==== SUPPLIED MATERIAL ====

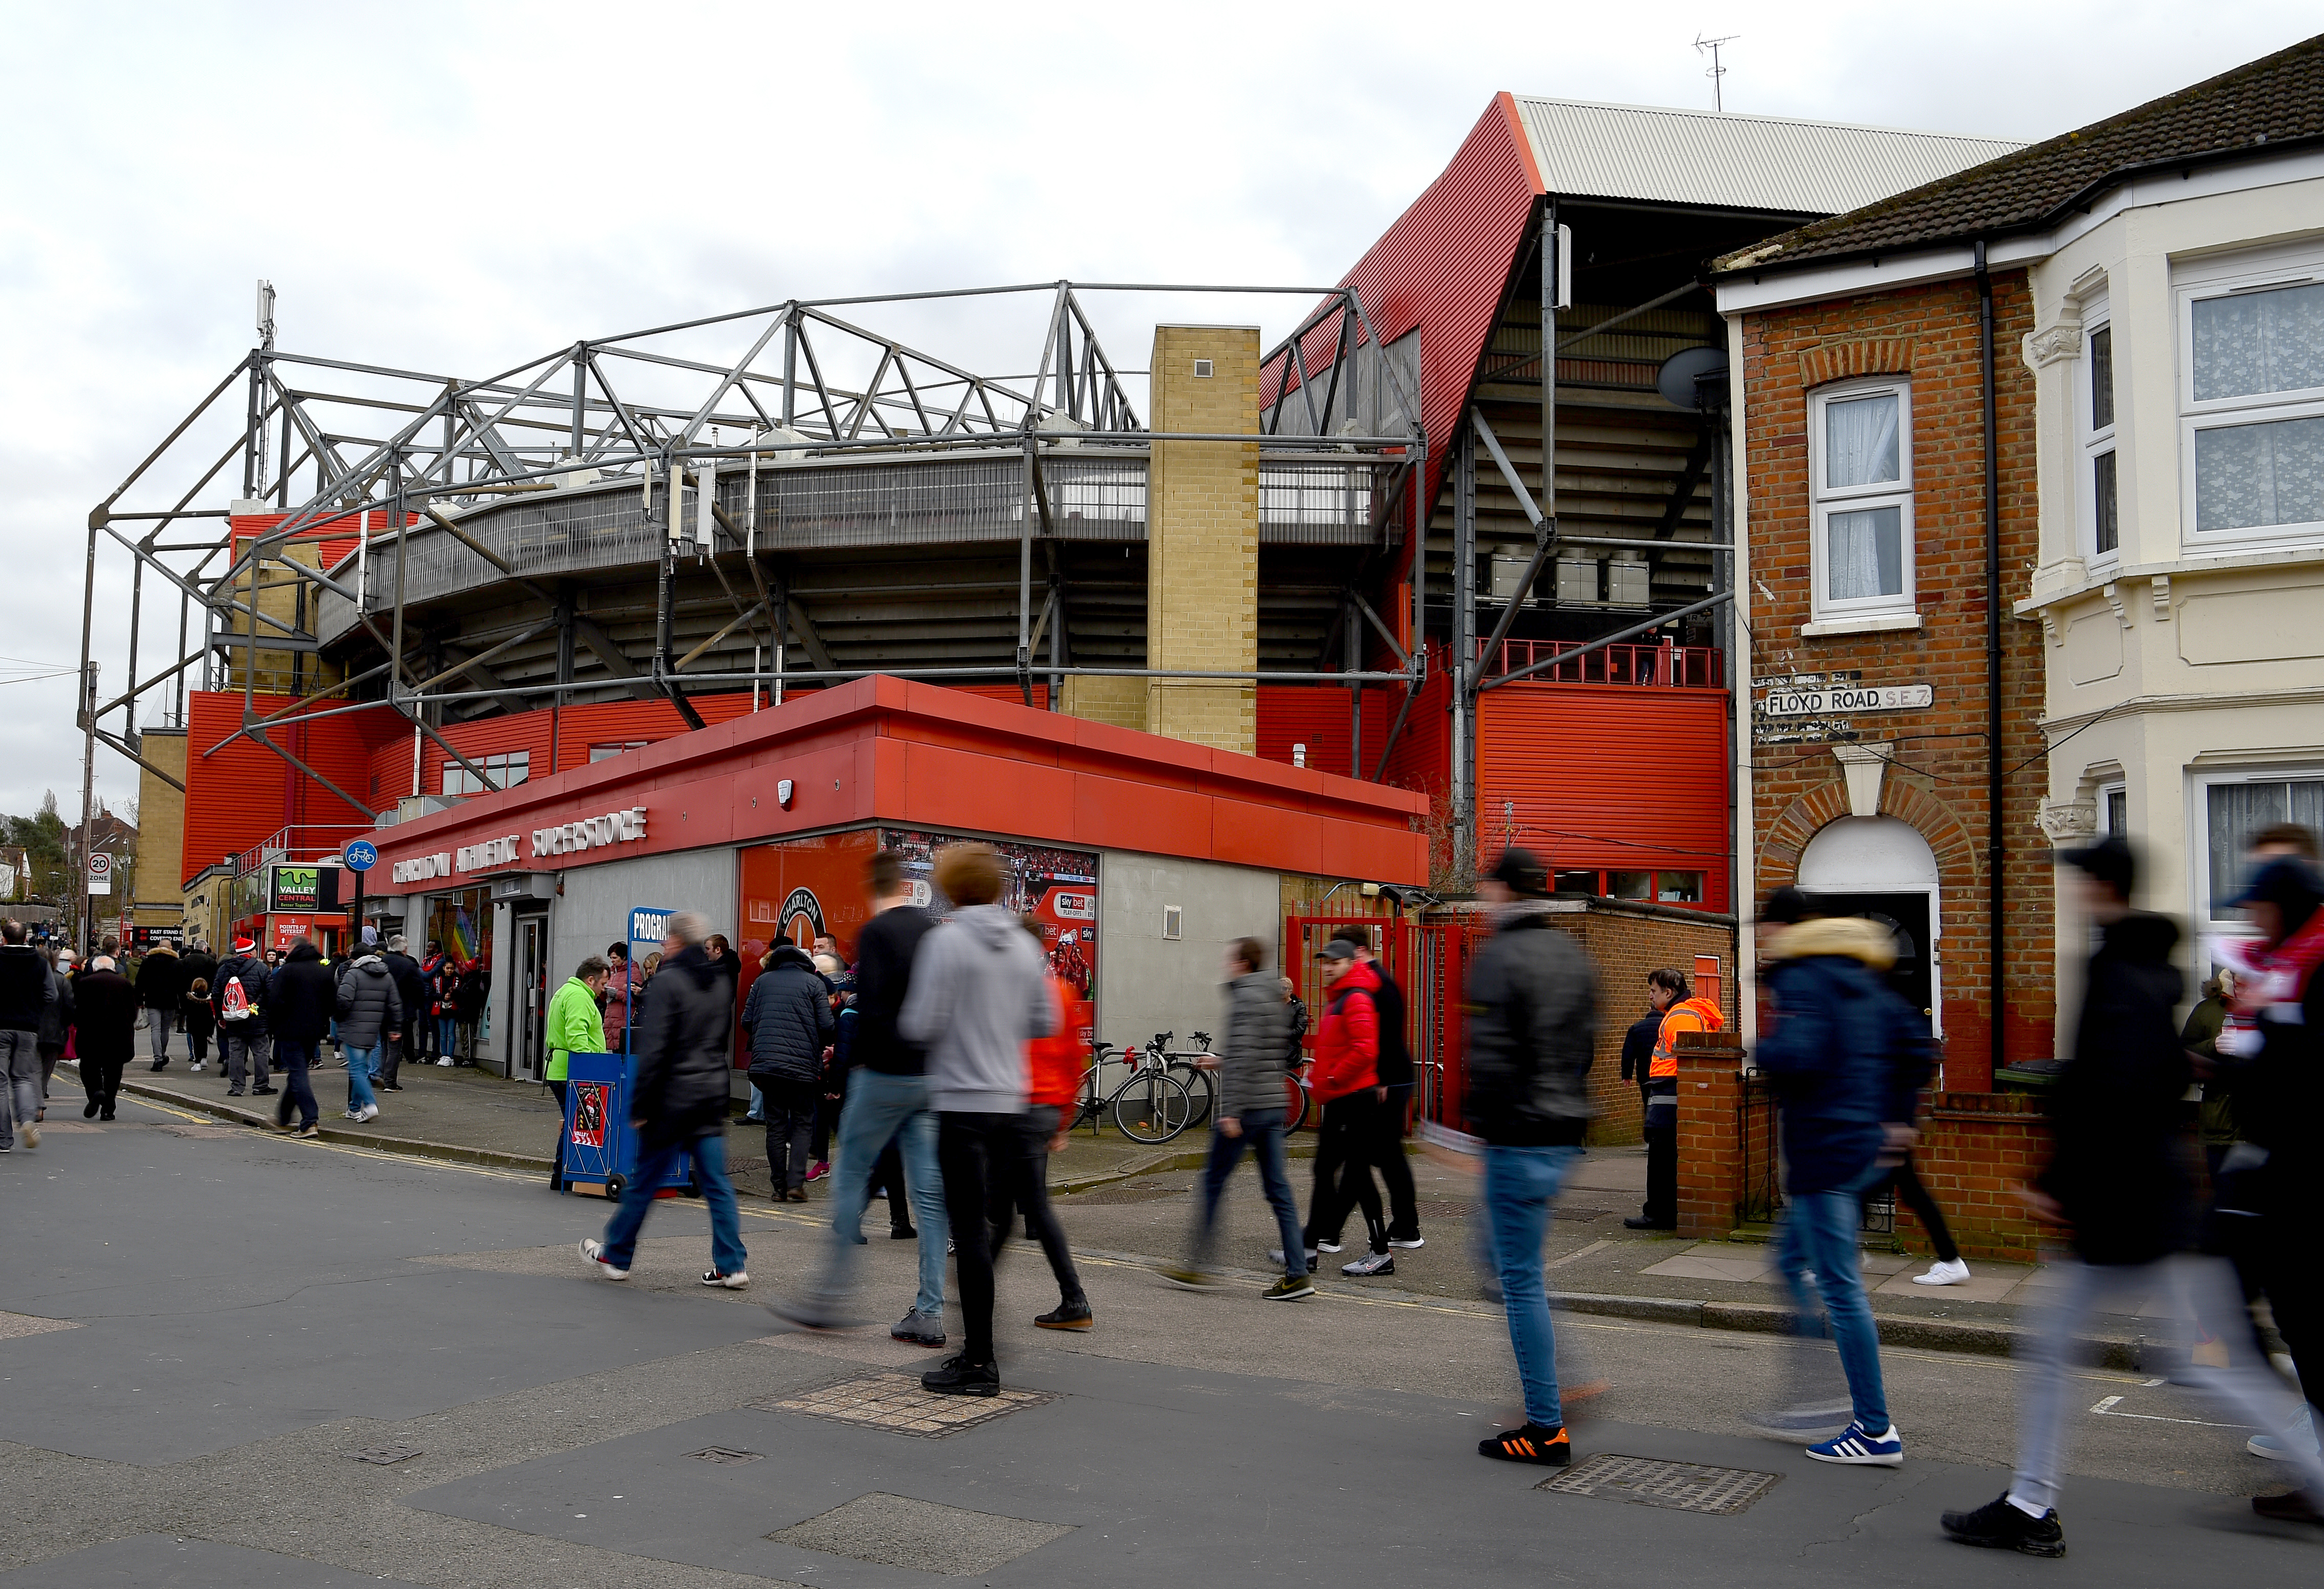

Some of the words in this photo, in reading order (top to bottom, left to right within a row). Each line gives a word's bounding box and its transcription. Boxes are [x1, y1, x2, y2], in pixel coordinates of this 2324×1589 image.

[1770, 694, 1822, 713] FLOYD
[393, 853, 450, 883] CHARLTON
[455, 835, 520, 872] ATHLETIC
[532, 807, 647, 857] SUPERSTORE
[93, 859, 106, 868] 20
[1061, 897, 1072, 908] sky
[1073, 898, 1084, 907] bet
[783, 894, 818, 924] CHARLTON
[1045, 924, 1056, 936] bet
[1083, 929, 1093, 940] sky

====

• [WHAT IS REQUIRED]: An exact reproduction of the data is needed, with no pictures included.

• [YOUR RESPONSE]:
Some of the words in this photo, in reading order (top to bottom, left to right within a row). Each line gives a word's bounding box and its transcription. Boxes are [x1, y1, x2, y2], in pixel coordinates of this 2324×1589 image.

[1770, 694, 1822, 713] FLOYD
[393, 853, 450, 883] CHARLTON
[455, 835, 520, 872] ATHLETIC
[532, 807, 647, 857] SUPERSTORE
[93, 859, 106, 868] 20
[1061, 897, 1072, 908] sky
[1073, 898, 1084, 907] bet
[783, 894, 818, 924] CHARLTON
[1045, 924, 1056, 936] bet
[1083, 929, 1093, 940] sky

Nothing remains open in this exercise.